# ABOUT THIS EXERCISE:
Omit every image, and transcribe the remaining entries exactly as given.

[DATA SUPPLIED Boundary: Start]

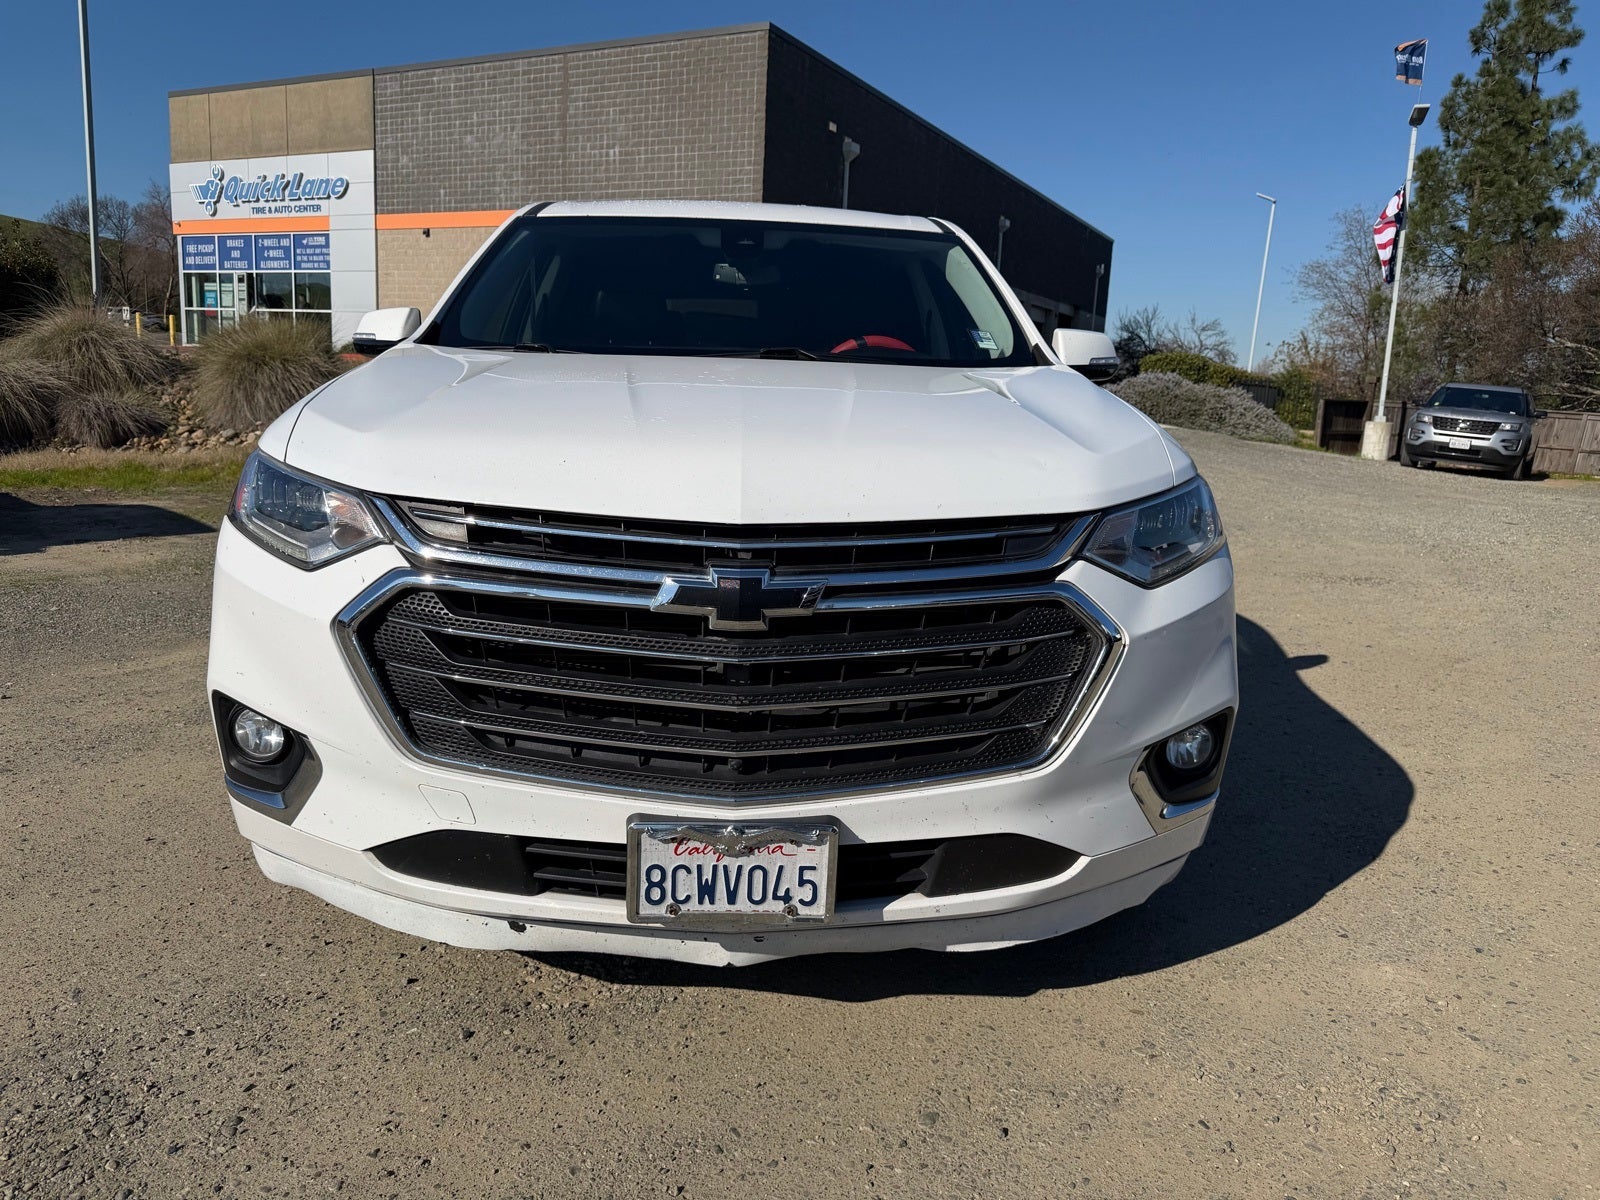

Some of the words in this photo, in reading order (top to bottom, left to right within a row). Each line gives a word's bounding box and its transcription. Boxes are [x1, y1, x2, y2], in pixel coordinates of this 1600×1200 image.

[223, 174, 288, 204] Quick
[287, 172, 347, 199] Lane
[252, 206, 267, 215] TIRE
[268, 206, 273, 214] &
[274, 205, 292, 214] AUTO
[294, 204, 322, 213] CENTER
[226, 239, 244, 248] BRAKES
[280, 238, 290, 247] AND
[186, 244, 197, 253] FREE
[198, 244, 214, 253] PICKUP
[231, 250, 240, 258] AND
[185, 256, 194, 265] AND
[195, 256, 216, 265] DELIVERY
[224, 260, 248, 269] BATTERIES
[260, 260, 289, 269] ALIGNMENTS
[644, 863, 818, 907] 8CWV045
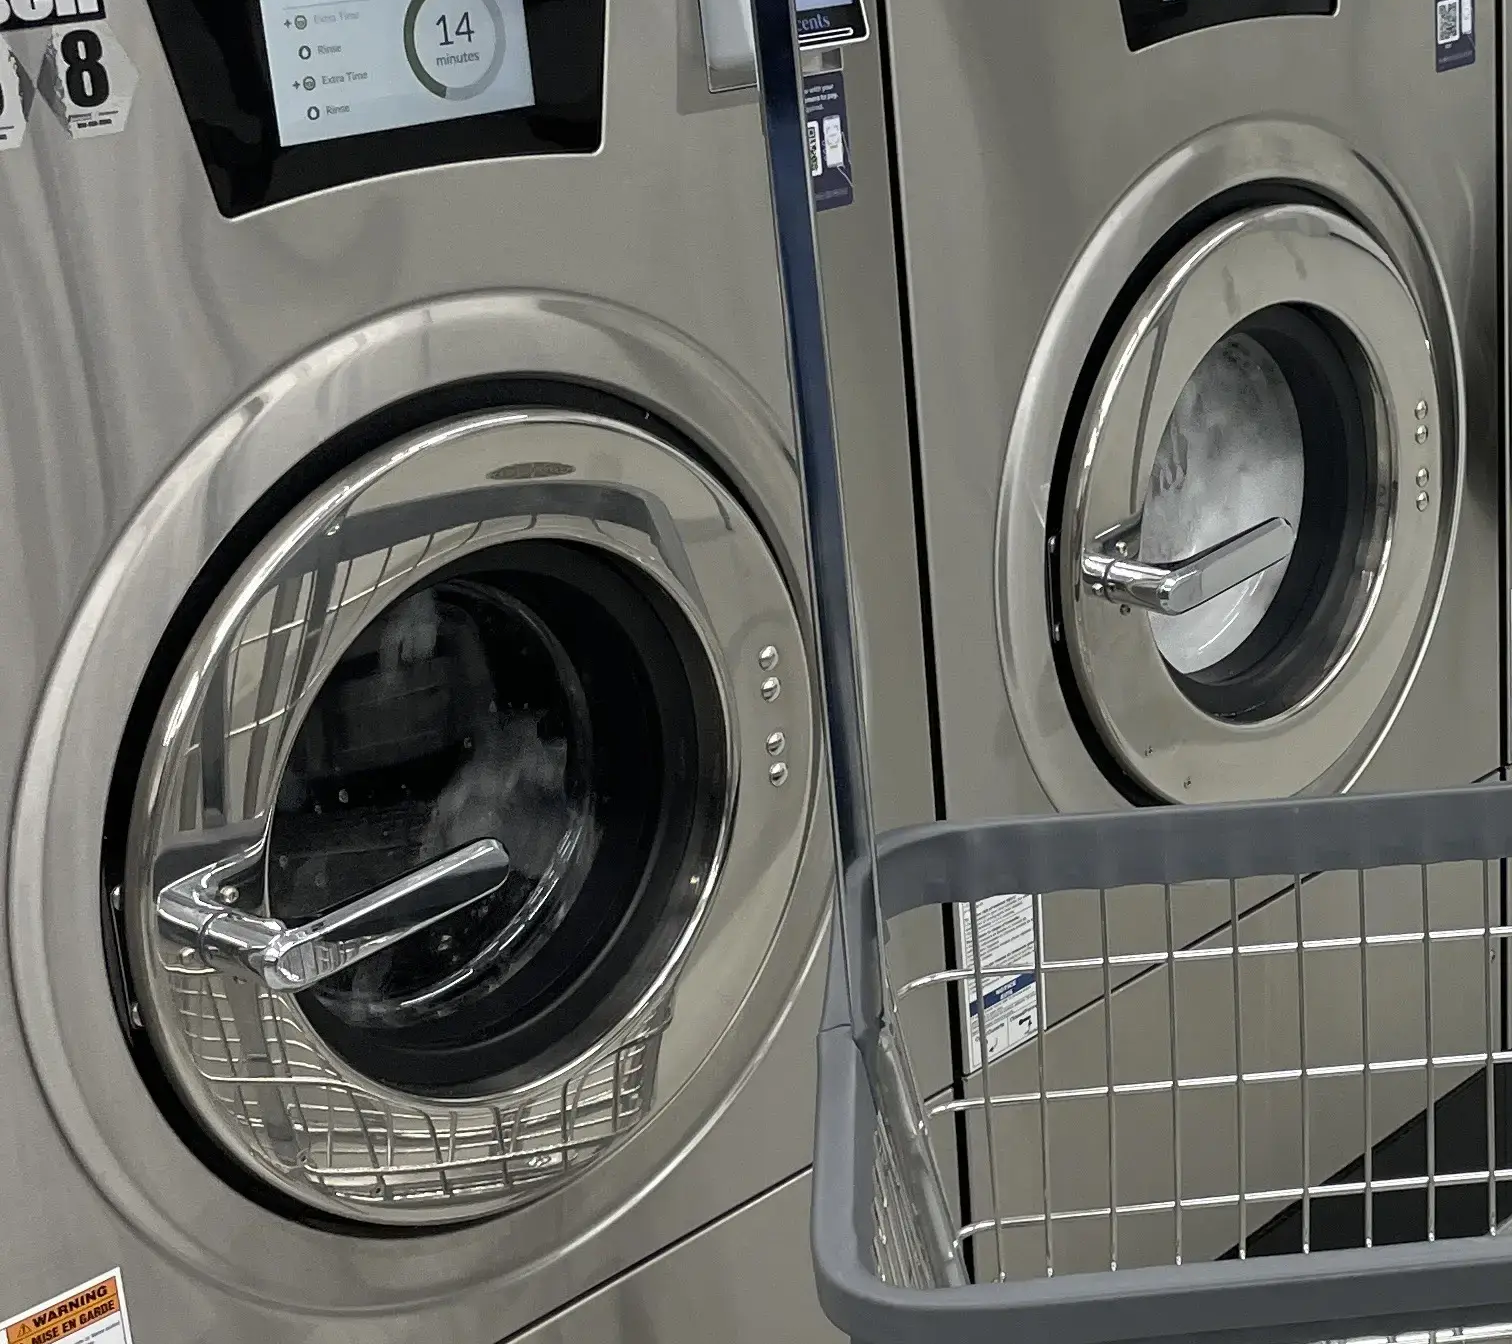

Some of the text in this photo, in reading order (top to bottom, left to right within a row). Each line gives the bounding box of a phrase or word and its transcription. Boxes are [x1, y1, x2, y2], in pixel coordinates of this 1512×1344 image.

[DATA SUPPLIED Boundary: End]

# COMPLETED TASK:
Some of the words in this photo, in reading order (top to bottom, left to right within a row). Each line gives a word's bounding box and its transcription. Boxes are [x1, y1, x2, y2], in pixel coordinates of this 1600×1200 image.

[223, 174, 288, 204] Quick
[287, 172, 347, 199] Lane
[252, 206, 267, 215] TIRE
[268, 206, 273, 214] &
[274, 205, 292, 214] AUTO
[294, 204, 322, 213] CENTER
[226, 239, 244, 248] BRAKES
[280, 238, 290, 247] AND
[186, 244, 197, 253] FREE
[198, 244, 214, 253] PICKUP
[231, 250, 240, 258] AND
[185, 256, 194, 265] AND
[195, 256, 216, 265] DELIVERY
[224, 260, 248, 269] BATTERIES
[260, 260, 289, 269] ALIGNMENTS
[644, 863, 818, 907] 8CWV045

Some of the text in this photo, in reading order (top to bottom, left to right within a row). Each line gives the bounding box of a phrase or word and its transcription. Boxes are [x1, y1, x2, y2], in pixel coordinates of this 1512×1344 image.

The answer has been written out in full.